Thinking about Jim
My first few weeks in college were boring. I didn’t have any friends, so I went to class and returned to my dorm room and played solitaire. I had no connection with my roommate.
Then, I saw a one-line ad in the student newspaper announcing a meeting of a science fiction club. I went, and that’s how I met Jim and a bunch of other nerds. Jim was older than I was — he was already in grad school — but he was the center of everything we did. Playing bridge. Going to science fiction conventions in his Ford Pinto (which never blew up!) After one convention in Miami, he got us tickets to watch the launch of Voyager 1 from Cape Canaveral. A highlight of my life, and can you believe that it’s still out there!
Typing what became the Hymnal — a collection of filk songs — into a PDP 11-45, one of the few computers on campus. We even forgave him when he managed to erase the magnetic tape with all our work on it!
Over the years, he kept in touch with everyone, even as we followed our career paths all over the country. He visited me in Seattle with his first wife Martha, when his kids Rose and Richard were very young. I have photos of them at the Burke Museum.
I came to his house in Las Vegas for Richard and Samantha’s wedding. By that time, Martha was very sick, so I ended up vacuuming and cleaning the kitchen. Jim was never big on housekeeping.
Jim would come to the Northwest with a spreadsheet of all the Native American museums he wanted to visit, and I’d go along to places like Neah Bay and Warm Springs. When Jim retired, he decided that he wanted to move out here, so I went along when the real estate broker showed him the possible houses. He’d told her that he needed 38,000 square feet for his books! That’s the house that eventually burned down.

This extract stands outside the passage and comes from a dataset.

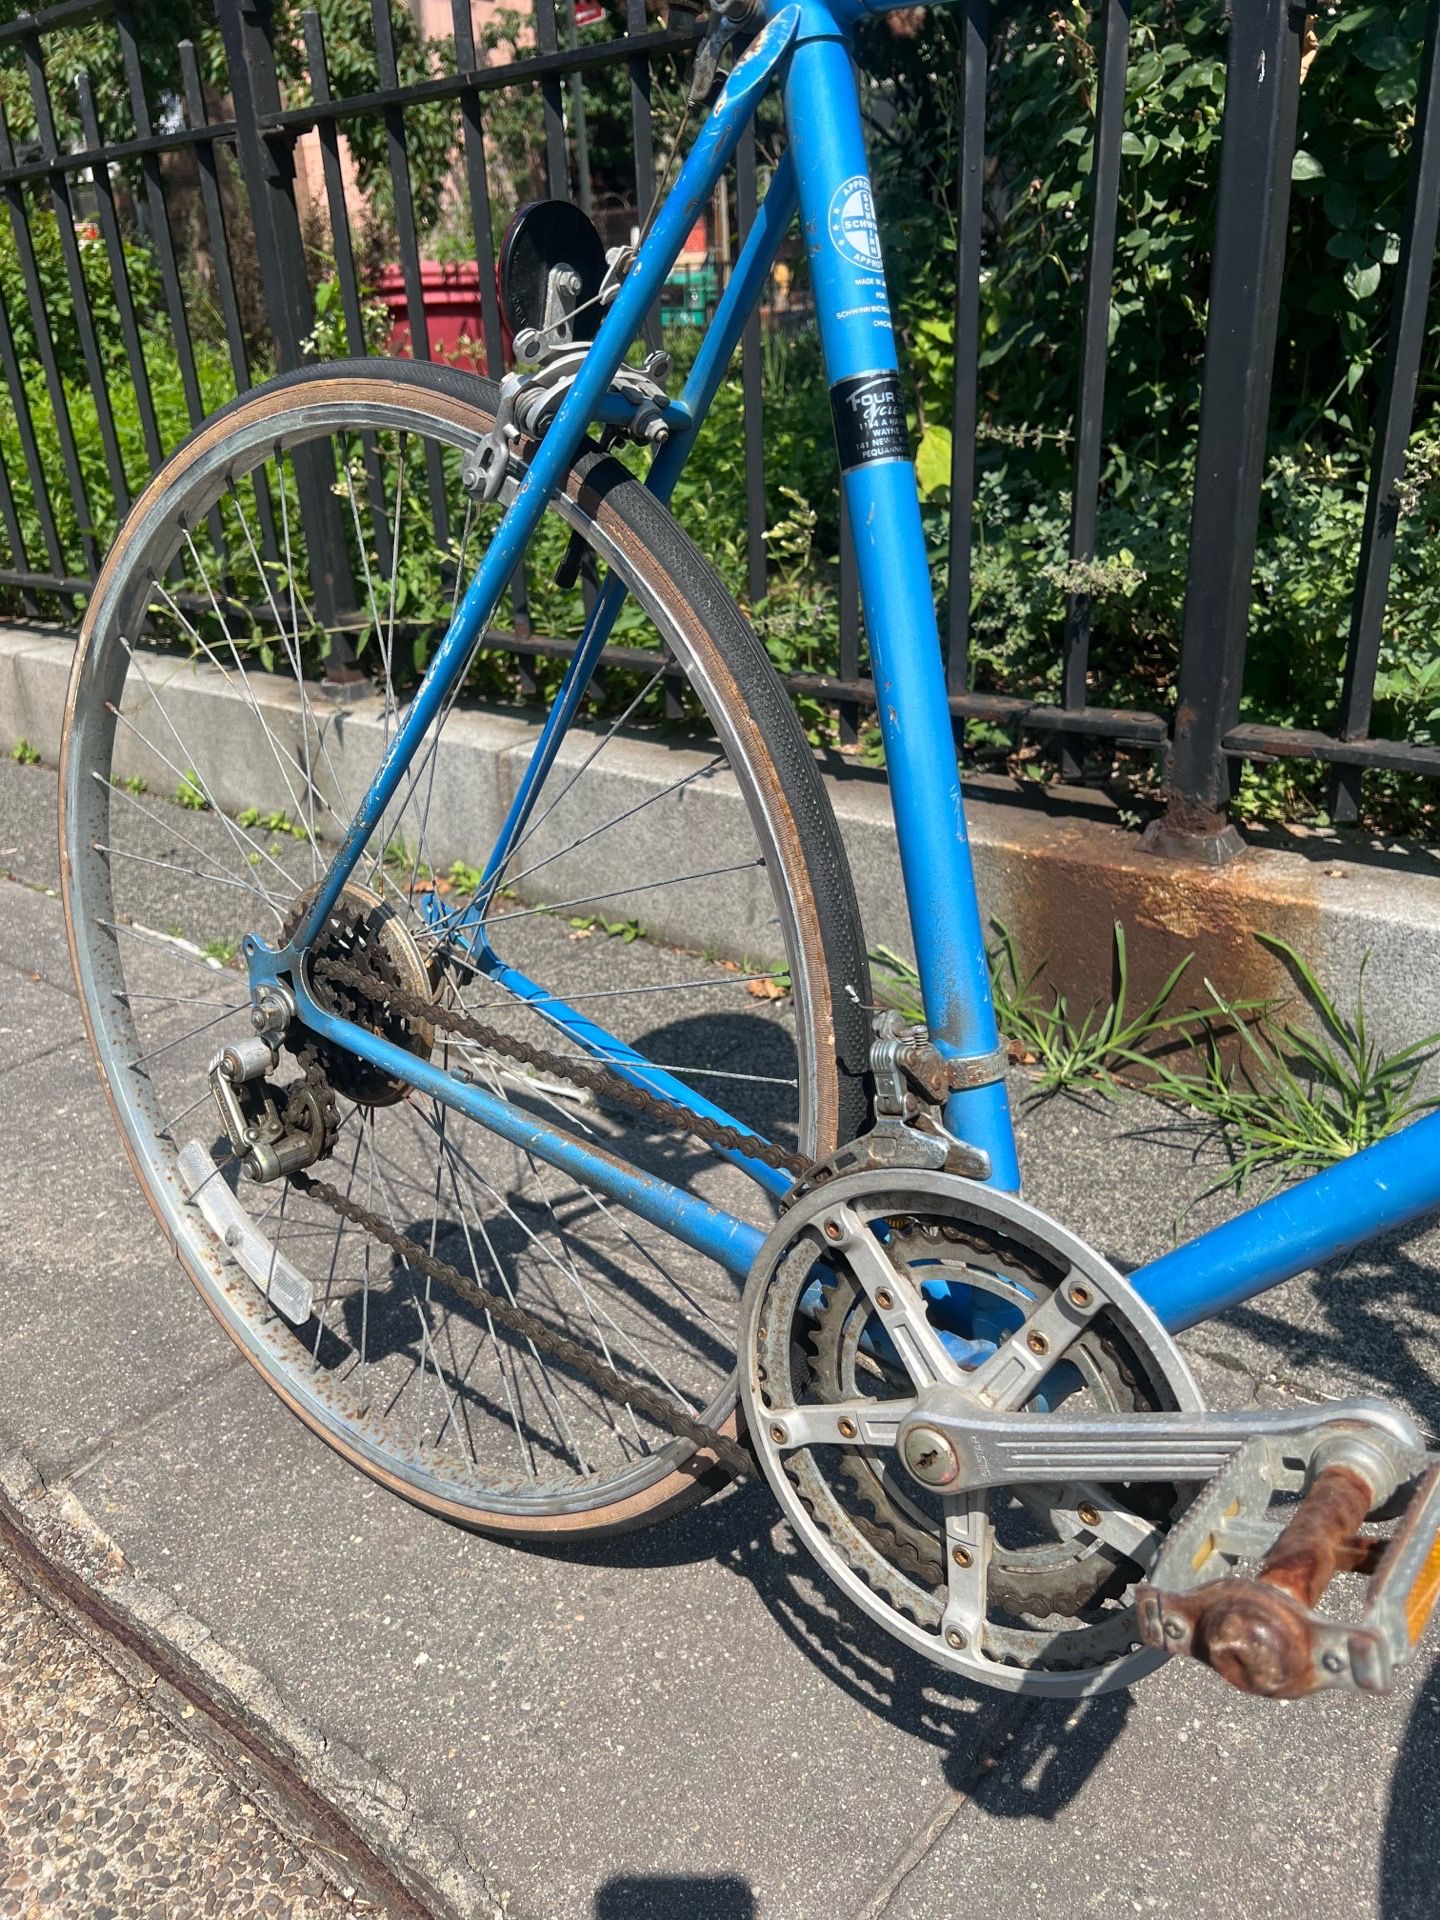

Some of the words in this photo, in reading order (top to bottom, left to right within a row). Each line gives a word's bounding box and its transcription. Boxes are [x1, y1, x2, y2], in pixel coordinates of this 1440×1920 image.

Although we were fairly close by, we didn’t see each other that frequently. One year, we did see the Gilbert and Sullivan “Pirates of Penzance”. My friend Patrick and I were on the Peninsula one weekend, so we called and met Jim and Kimi at a Mexican restaurant in Aberdeen. And around that time, they visited my place in Seattle for a party, along with Richard, Samantha and Malcolm.
But Jim was always there. He will be sorely missed.